START Source records

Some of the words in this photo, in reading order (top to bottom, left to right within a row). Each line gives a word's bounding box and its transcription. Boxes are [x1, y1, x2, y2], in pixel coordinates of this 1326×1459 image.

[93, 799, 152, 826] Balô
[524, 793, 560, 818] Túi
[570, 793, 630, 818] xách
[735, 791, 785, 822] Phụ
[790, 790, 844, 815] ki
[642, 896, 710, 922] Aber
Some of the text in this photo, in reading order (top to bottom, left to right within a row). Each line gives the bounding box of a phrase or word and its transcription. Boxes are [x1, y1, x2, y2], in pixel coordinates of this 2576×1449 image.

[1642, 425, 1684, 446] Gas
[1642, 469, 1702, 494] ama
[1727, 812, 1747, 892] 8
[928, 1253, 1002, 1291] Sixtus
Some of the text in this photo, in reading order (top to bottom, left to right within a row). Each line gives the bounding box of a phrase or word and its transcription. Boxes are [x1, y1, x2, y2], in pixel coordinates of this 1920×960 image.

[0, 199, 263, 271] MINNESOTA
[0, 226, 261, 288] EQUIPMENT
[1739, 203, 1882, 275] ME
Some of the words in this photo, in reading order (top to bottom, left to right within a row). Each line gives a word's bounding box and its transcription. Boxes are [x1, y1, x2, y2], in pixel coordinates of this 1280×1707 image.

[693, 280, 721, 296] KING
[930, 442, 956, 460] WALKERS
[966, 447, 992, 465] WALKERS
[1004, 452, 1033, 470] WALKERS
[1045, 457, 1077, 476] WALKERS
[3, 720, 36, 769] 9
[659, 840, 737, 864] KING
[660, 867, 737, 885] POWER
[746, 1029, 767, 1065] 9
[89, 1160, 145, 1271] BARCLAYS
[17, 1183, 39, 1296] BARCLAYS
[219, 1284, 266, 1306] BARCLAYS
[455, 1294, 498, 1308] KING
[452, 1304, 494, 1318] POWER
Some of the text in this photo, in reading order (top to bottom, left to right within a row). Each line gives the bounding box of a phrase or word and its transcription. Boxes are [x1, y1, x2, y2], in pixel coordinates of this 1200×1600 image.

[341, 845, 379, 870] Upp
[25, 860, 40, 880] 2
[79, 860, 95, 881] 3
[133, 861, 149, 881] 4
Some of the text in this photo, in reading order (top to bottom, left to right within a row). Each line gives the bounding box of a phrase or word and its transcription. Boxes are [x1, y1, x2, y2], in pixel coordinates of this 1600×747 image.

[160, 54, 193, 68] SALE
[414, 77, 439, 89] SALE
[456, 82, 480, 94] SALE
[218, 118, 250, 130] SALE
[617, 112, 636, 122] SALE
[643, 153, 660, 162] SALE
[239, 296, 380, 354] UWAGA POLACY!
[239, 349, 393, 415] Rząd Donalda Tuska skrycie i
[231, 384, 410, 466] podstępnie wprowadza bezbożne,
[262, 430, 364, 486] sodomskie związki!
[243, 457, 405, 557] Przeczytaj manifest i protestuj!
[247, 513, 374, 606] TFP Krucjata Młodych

END Source records

What you are asked to do: Exactly as they appear, restate all of the entries.

Answer to the exercise:
Some of the words in this photo, in reading order (top to bottom, left to right within a row). Each line gives a word's bounding box and its transcription. Boxes are [x1, y1, x2, y2], in pixel coordinates of this 1326×1459 image.

[93, 799, 152, 826] Balô
[524, 793, 560, 818] Túi
[570, 793, 630, 818] xách
[735, 791, 785, 822] Phụ
[790, 790, 844, 815] ki
[642, 896, 710, 922] Aber
Some of the text in this photo, in reading order (top to bottom, left to right within a row). Each line gives the bounding box of a phrase or word and its transcription. Boxes are [x1, y1, x2, y2], in pixel coordinates of this 2576×1449 image.

[1642, 425, 1684, 446] Gas
[1642, 469, 1702, 494] ama
[1727, 812, 1747, 892] 8
[928, 1253, 1002, 1291] Sixtus
Some of the text in this photo, in reading order (top to bottom, left to right within a row). Each line gives the bounding box of a phrase or word and its transcription. Boxes are [x1, y1, x2, y2], in pixel coordinates of this 1920×960 image.

[0, 199, 263, 271] MINNESOTA
[0, 226, 261, 288] EQUIPMENT
[1739, 203, 1882, 275] ME
Some of the words in this photo, in reading order (top to bottom, left to right within a row). Each line gives a word's bounding box and its transcription. Boxes are [x1, y1, x2, y2], in pixel coordinates of this 1280×1707 image.

[693, 280, 721, 296] KING
[930, 442, 956, 460] WALKERS
[966, 447, 992, 465] WALKERS
[1004, 452, 1033, 470] WALKERS
[1045, 457, 1077, 476] WALKERS
[3, 720, 36, 769] 9
[659, 840, 737, 864] KING
[660, 867, 737, 885] POWER
[746, 1029, 767, 1065] 9
[89, 1160, 145, 1271] BARCLAYS
[17, 1183, 39, 1296] BARCLAYS
[219, 1284, 266, 1306] BARCLAYS
[455, 1294, 498, 1308] KING
[452, 1304, 494, 1318] POWER
Some of the text in this photo, in reading order (top to bottom, left to right within a row). Each line gives the bounding box of a phrase or word and its transcription. Boxes are [x1, y1, x2, y2], in pixel coordinates of this 1200×1600 image.

[341, 845, 379, 870] Upp
[25, 860, 40, 880] 2
[79, 860, 95, 881] 3
[133, 861, 149, 881] 4
Some of the text in this photo, in reading order (top to bottom, left to right within a row). Each line gives the bounding box of a phrase or word and its transcription. Boxes are [x1, y1, x2, y2], in pixel coordinates of this 1600×747 image.

[160, 54, 193, 68] SALE
[414, 77, 439, 89] SALE
[456, 82, 480, 94] SALE
[218, 118, 250, 130] SALE
[617, 112, 636, 122] SALE
[643, 153, 660, 162] SALE
[239, 296, 380, 354] UWAGA POLACY!
[239, 349, 393, 415] Rząd Donalda Tuska skrycie i
[231, 384, 410, 466] podstępnie wprowadza bezbożne,
[262, 430, 364, 486] sodomskie związki!
[243, 457, 405, 557] Przeczytaj manifest i protestuj!
[247, 513, 374, 606] TFP Krucjata Młodych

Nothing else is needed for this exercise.